#675 MRI essentials for Runners, T1 vs T2 images - DOC

#675 MRI essentials for Runners, T1 vs T2 images

Today on the Doc On The Run Podcast, we’re talking about MRI Essentials for Runners, T1 versus T2 Images.



If you’re a runner who got injured and you’re calling me for a second opinion and you have an MRI, I’ll bet that you’ve already tried to look at it and you have no idea what you’re looking at.
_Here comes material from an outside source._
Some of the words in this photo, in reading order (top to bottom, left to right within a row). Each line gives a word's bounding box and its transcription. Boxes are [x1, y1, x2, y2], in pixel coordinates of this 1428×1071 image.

You have no idea what to do with the hundred-plus images that you got on your MRI and you’re not even sure where to start.
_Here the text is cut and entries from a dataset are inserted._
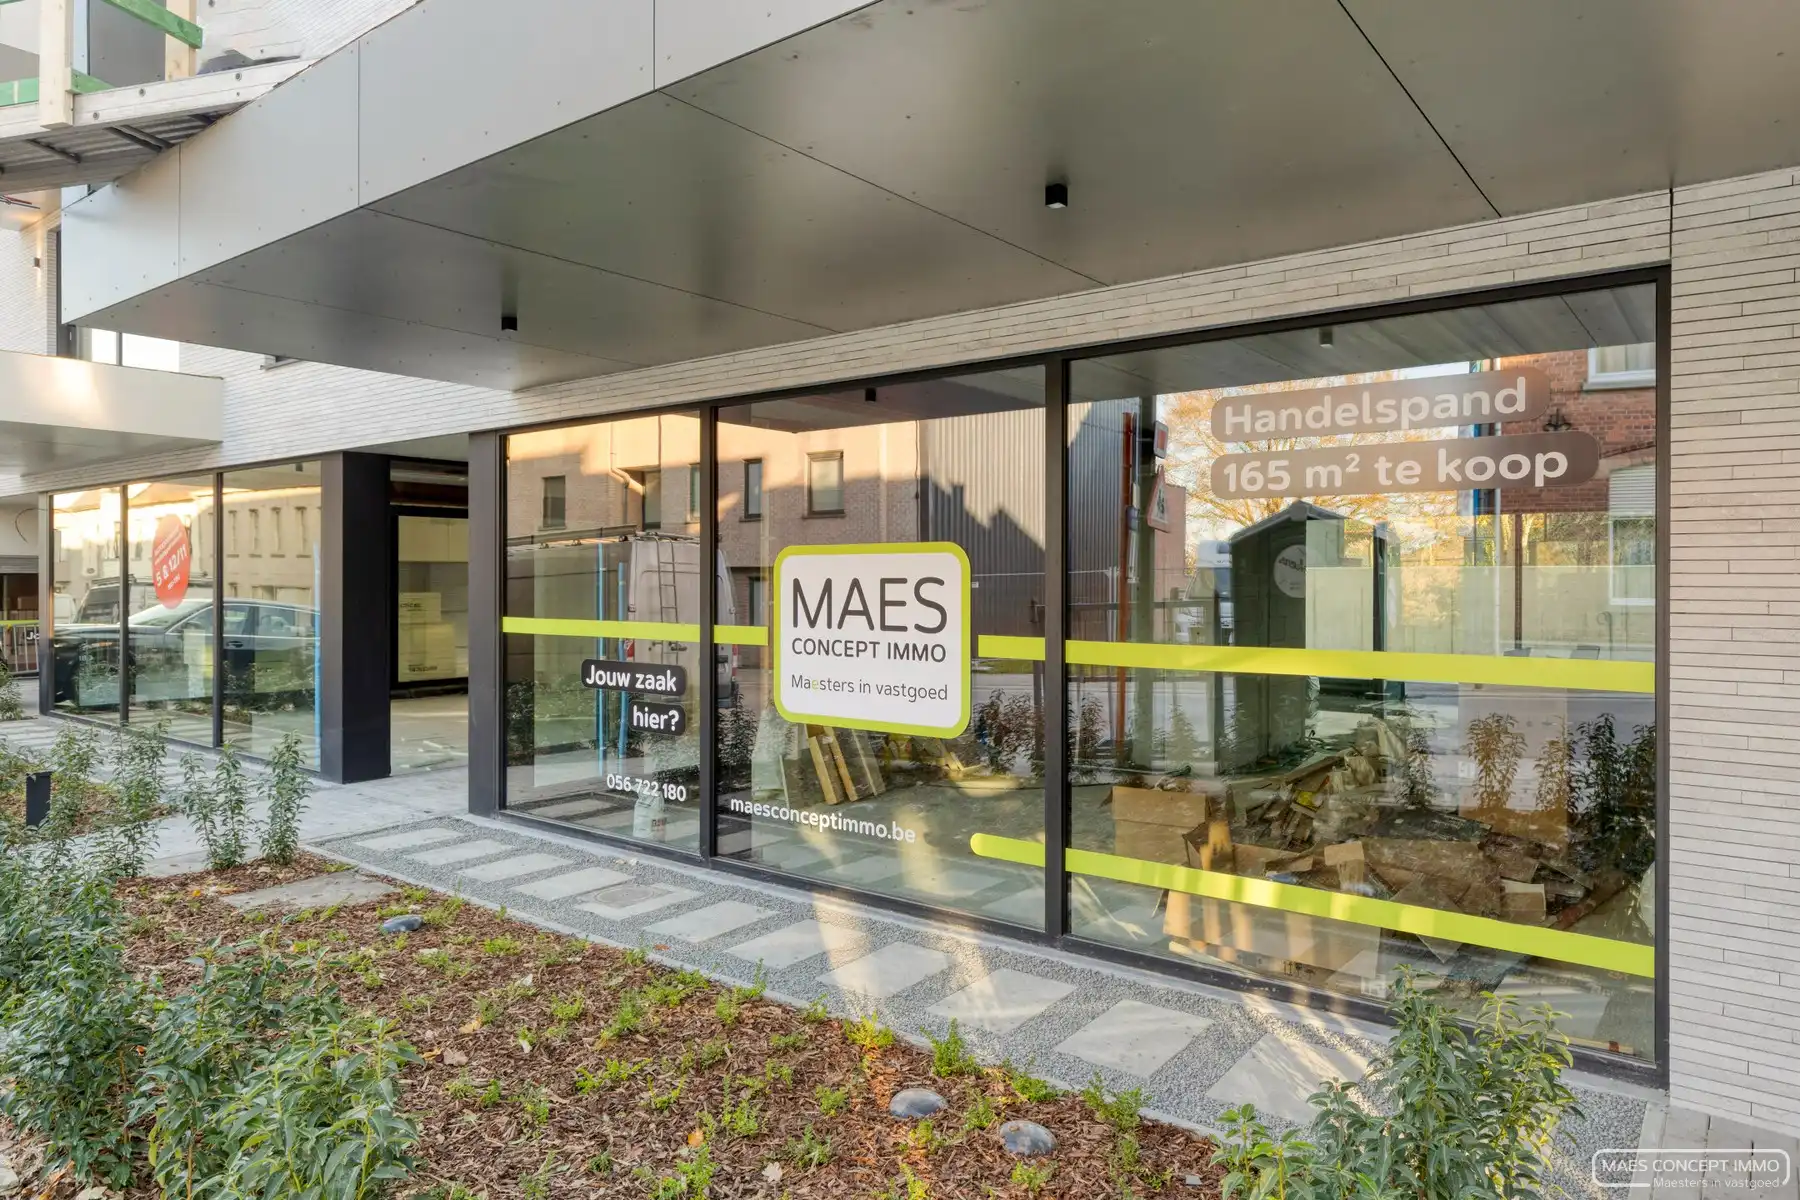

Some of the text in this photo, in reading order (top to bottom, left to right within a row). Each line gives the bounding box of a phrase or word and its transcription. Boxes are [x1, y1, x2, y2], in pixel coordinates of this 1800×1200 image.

[1225, 376, 1526, 436] Handelspand
[1223, 460, 1291, 493] 165
[1374, 456, 1422, 486] te
[1437, 448, 1568, 487] koop
[792, 576, 948, 634] MAES
[792, 637, 947, 663] CONCEPT IMMO
[585, 664, 677, 692] Jouw zaak
[791, 674, 948, 703] Maesters in vastgoed
[633, 704, 680, 731] hier?
[606, 773, 687, 802] 056 722 180
[730, 798, 916, 843] maesconceptimmo.be
Well, in this series on reading your own MRIs on the MRI Essentials for Runners, I’m going to try to tell you some of the simple things that you need to understand when you’re getting an MRI or you’re looking at your own MRI, trying to figure out what was in the report that you received, and it’s really simple.
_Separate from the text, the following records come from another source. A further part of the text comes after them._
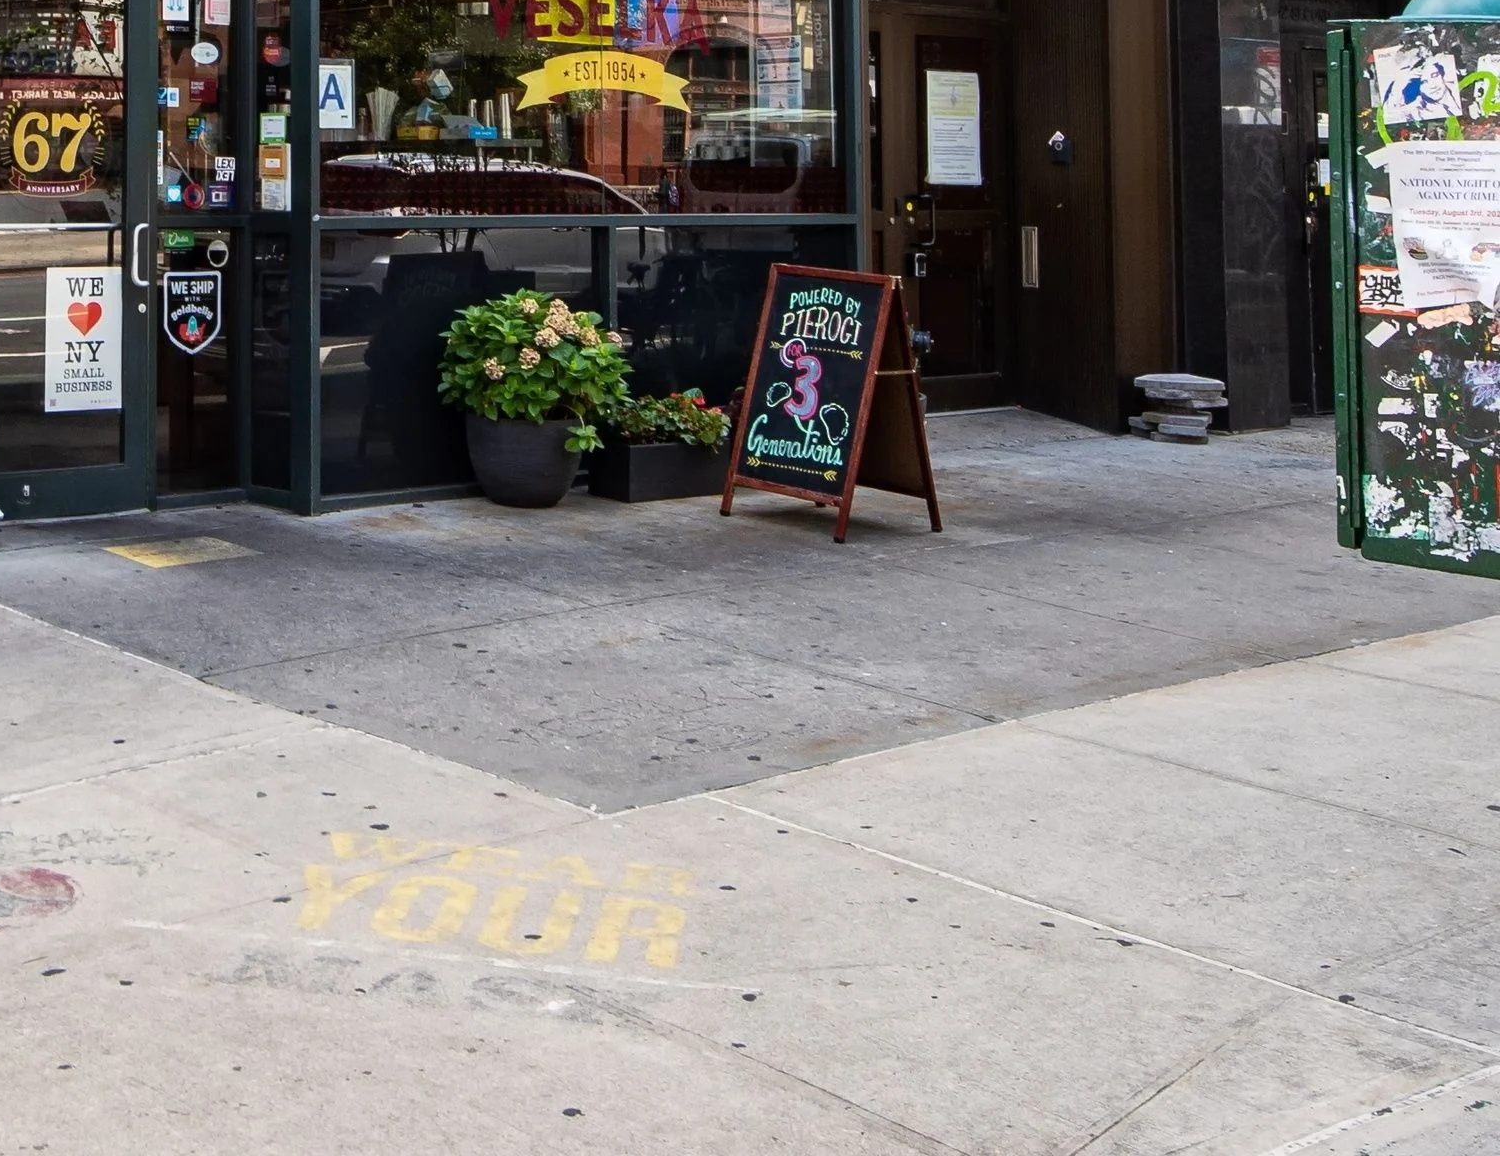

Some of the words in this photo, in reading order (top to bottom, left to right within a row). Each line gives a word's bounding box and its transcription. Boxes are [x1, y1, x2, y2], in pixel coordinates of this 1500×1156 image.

[575, 61, 601, 82] EST.
[605, 61, 636, 83] 1954
[319, 73, 345, 110] A
[13, 111, 92, 173] 67
[26, 184, 80, 193] ANNIVERSARY
[1400, 178, 1452, 188] NATIONAL
[1457, 179, 1490, 189] NIGHT
[1417, 191, 1462, 201] AGAINST
[1463, 191, 1499, 202] CRIME
[1442, 209, 1468, 218] August
[66, 277, 104, 298] WE
[171, 280, 188, 295] WE
[190, 280, 214, 295] SHIP
[170, 304, 214, 321] goldbelly
[789, 287, 843, 310] POWERED
[845, 297, 861, 318] BY
[779, 306, 863, 346] PIEROGI
[64, 340, 105, 363] NY
[63, 368, 105, 380] SMALL
[55, 380, 113, 394] BUSINESS
[783, 354, 823, 421] 3
[747, 414, 844, 467] Generations
[295, 863, 688, 970] YOUR
When you get an MRI, when we’re talking about this thing called T1 versus T2 images, they’re very different and it’s very obvious they’re different when you start to look at them. It doesn’t really matter what T1 is, and it doesn’t matter what T2 means. All you need to know is that on one set of images, the pictures of your foot look a lot like an x-ray. The bones are white and the soft tissue is dark. That’s just like an x-ray. That’s the T1 images and what those do is they show you anatomic detail really well.

So if you actually look at your MRI, you open one of them up, you’ll be able to see all kinds of detail. You’ll see the little wavy lines in the bone that we call trabeculation. They’re like little ridges of bone. You’ll be able to see the collagen septa, which is like the bands of collagen that hold the fat pad in place underneath your heel. You’ll see these little globules of fat. You see lots of really interesting detail. They’re very clear images.

The T2 images are actually in the exact same position as those. So when you look at the what we call sagittal images, it look like they’re a side view. Well, you’ll have a set of side view sagittal images that are bones are white, another one where the bones are black. The ones where the bones are black are the T2 images.

Why do you need both? Well, it’s really simple. One of them, the T1 images, show you anatomic detail really clearly. However, they don’t really show you where the trouble is all the time and sometimes it’s hard to figure out where the trouble is. Keep in mind your radiologist who reads this MRI is sitting in a dark room someplace, maybe in your own town, maybe in India. You have no idea, but the radiologist is alone in a dark room looking at your images on a computer screen trying to figure out what’s wrong with you. The T2 images make it really easy for the radiologist or for you, for that matter, to find the trouble quickly.

How do you do that? Well, it’s simple. When you think about this in terms of how an MRI works without all of the stuff about the magnet and protons flipping and all this other scientific stuff you don’t really care about, I’ll make it really simple for you. The MRI creates an image based on the amount of water content in the tissues. Okay, so where is there lots of water? Blood. So if you see a blood vessel in cross-section, it will be bright white on the T2 images where those bones are black.

Why are the bones black? Because there’s not a lot of water in there. It’s mostly bone marrow inside the bone, which is mostly fat. Fat, of course, is mostly oil, which is why many, many years ago, like lamps, street lamps used to be powered by whale oil being burned, right? It’s oil, it’s fat, it’s not water. It’s the opposite of water. So those are dark, and where there’s water, it’s white.

When you get a thing like a stress fracture, what you see is that one of those bones that is normally dark turns bright white. That gives you an indication to the radiologist that something’s going on in that bone like a stress fracture. Or if you have a peroneal tendon injury, you have the tendon, which is mostly collagen, not a lot of water, but it might be surrounded by tons of inflammatory fluid which, of course, is mostly water and mostly white on the T2 images. So that actually helps you or the radiologist find the trouble.

So when you get the T2 images and you start scanning through those, you just look for really bright white spots and then try to figure out what structure that is. If you do that, you get on track a lot faster.

Also, if you got an MRI and they took a little marker, sometimes it’s a vitamin E capsule, but they basically tape it to your foot, right where you’re supposed to have the most pain, that also you can see on the MRI, this little thing on the outside of your foot, and that gives the radiologist a clue where to start looking first. So you can look for that, too.

But I’ve got some examples. Some of these things I’m talking about here on the podcast are going to be in the video version. We’ll also have those pasted in on the show notes page under the podcast tab at docontherun.com, so you can see those a little better.

But those things should help you see the differences between T1 and T2 images. Then when you find the trouble on the T2 image, you just go to the exact same slice on the T1 images, again, where the bones are white and you can see a little more detail to see if you see a crack in the bone or a tear in the tendon or something like that. But hopefully, this will help you understand a little bit more about what you’re looking at and what you’re looking for when you’re reviewing your own MRI as an injured runner.